Use the object encoding command to check the encoding of an object (more precisely, the value object corresponding the given key):

> set count 1
> set name "Robert"
> set story "Redis is an open source (BSD licensed), in-memory data structure store, used as a database, cache and message broker."

> object encoding count
"int"
> object encoding name
"embstr"
> object encoding story
"raw"
# Encoding Conversion

If some operations we made which convert the int-encoded string object into a string, that string object will be automatically convert to raw-encoded, for example, any append operation, even if you append a number, will make the string object raw:

> set count 1
> append count 0
> object encoding count
"raw"

The embstr is desigend to be constant. i.e. no modification operation is supported to embstr.

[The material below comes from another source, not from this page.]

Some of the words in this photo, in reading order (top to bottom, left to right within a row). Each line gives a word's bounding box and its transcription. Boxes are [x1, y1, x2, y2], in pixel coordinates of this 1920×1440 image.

When we try to modify a string object eocded in embstr, Redis first convert it into raw, then exectue required operations:

> set str "abc"
> append str d
> object encoding str
"raw"

That is, both int and embstr could both be converted to raw, and other conversions among will not occur.

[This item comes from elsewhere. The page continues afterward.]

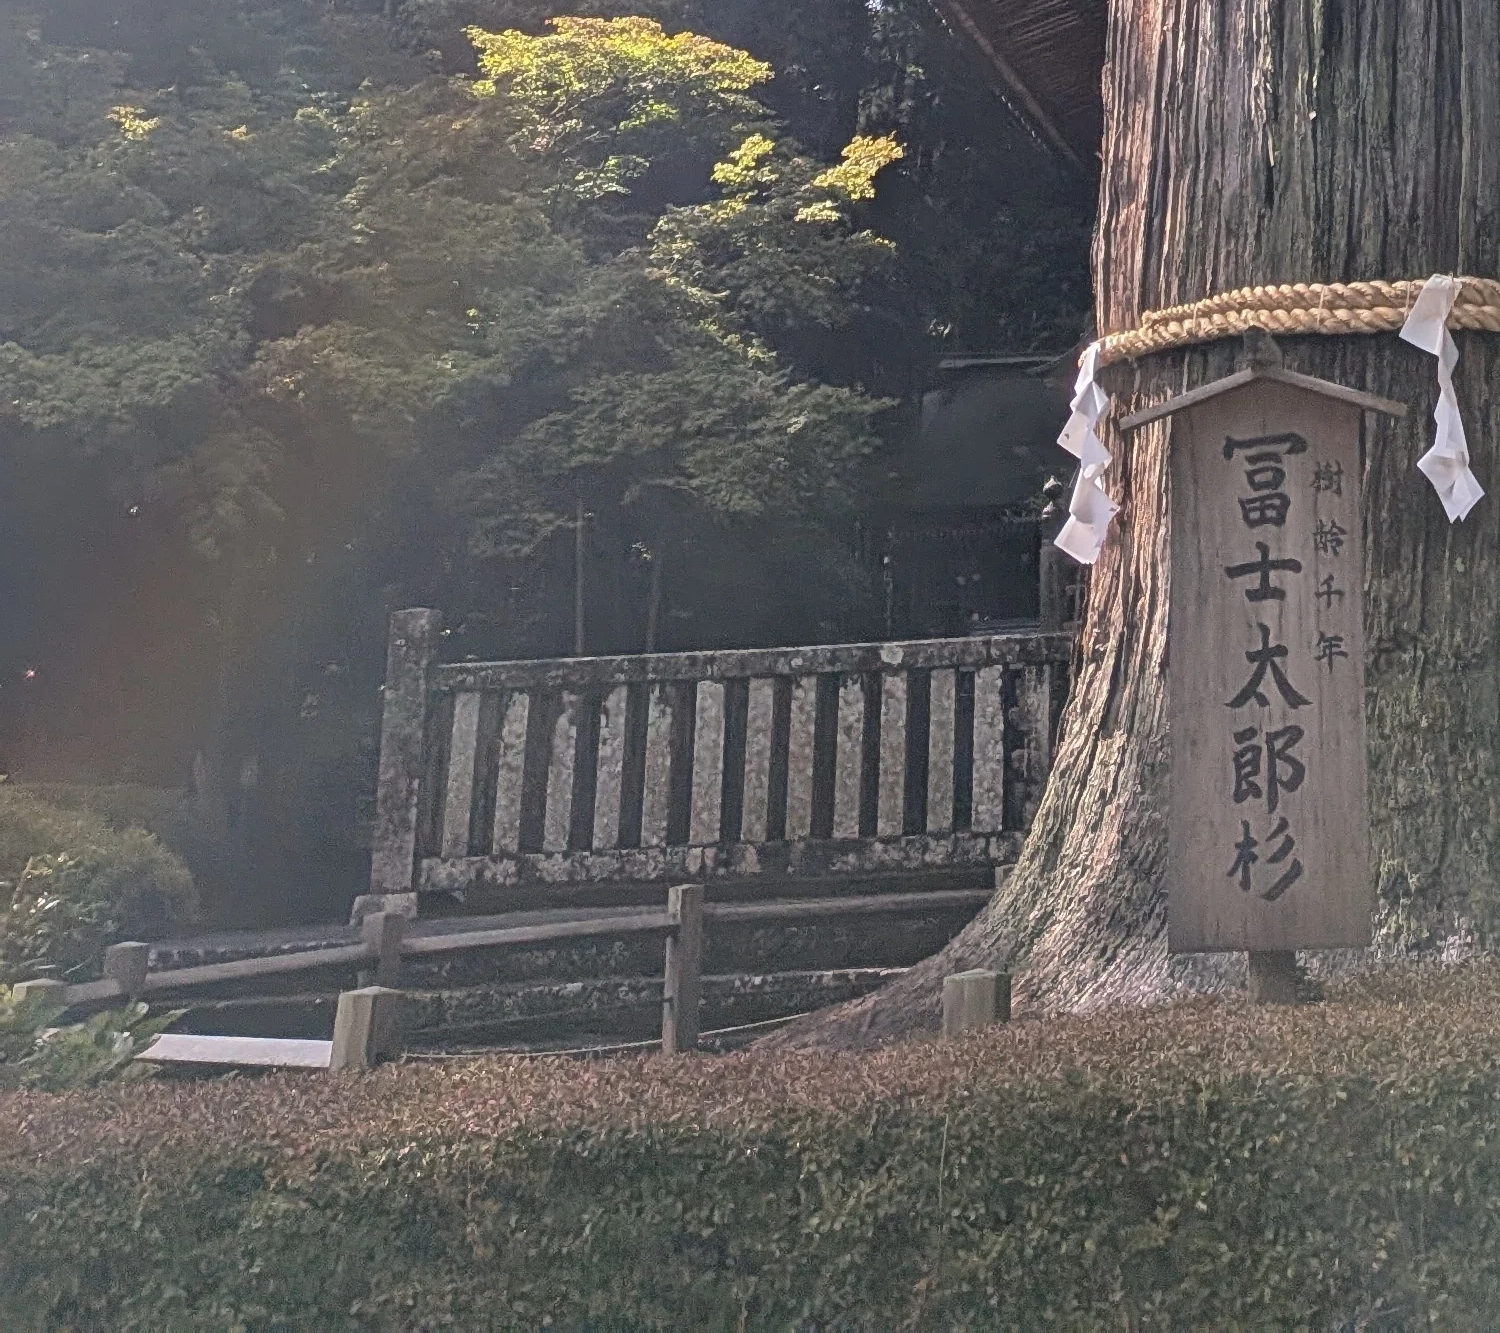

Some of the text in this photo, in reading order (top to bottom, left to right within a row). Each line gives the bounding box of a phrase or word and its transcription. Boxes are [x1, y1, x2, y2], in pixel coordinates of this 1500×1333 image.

[1223, 432, 1313, 902] 冨士太郎杉
[1311, 460, 1348, 673] 樹齢千年

2. Simple Dynamic String in Redis 3.0

# Simple Dynamic String: Data Structure

The string representation in Redis is simply a refined char*:

typedef char *sds;

Before Redis 3.2, a straightforward struct sdshdr is constructed as the header of SDS:

struct sdshdr {
    unsigned int len;
    unsigned int free;
    char buf[];
};

That is, a sdshdr is constructed by three components: len for the length of string, and free for the number of unused bytes, andchar buf[] for pointer to the string. Note that sds kept the tailing \0 in buf to kept the compatibility with C string. Although strlen() is provided in <string.h>, the time complexity \(O(n)\) by interating the entire string to find the \0 are too high to accept. Similar to the implementation of object in Python, since the length information are considered as a frequently-queried property, it is just recorded as a struct member.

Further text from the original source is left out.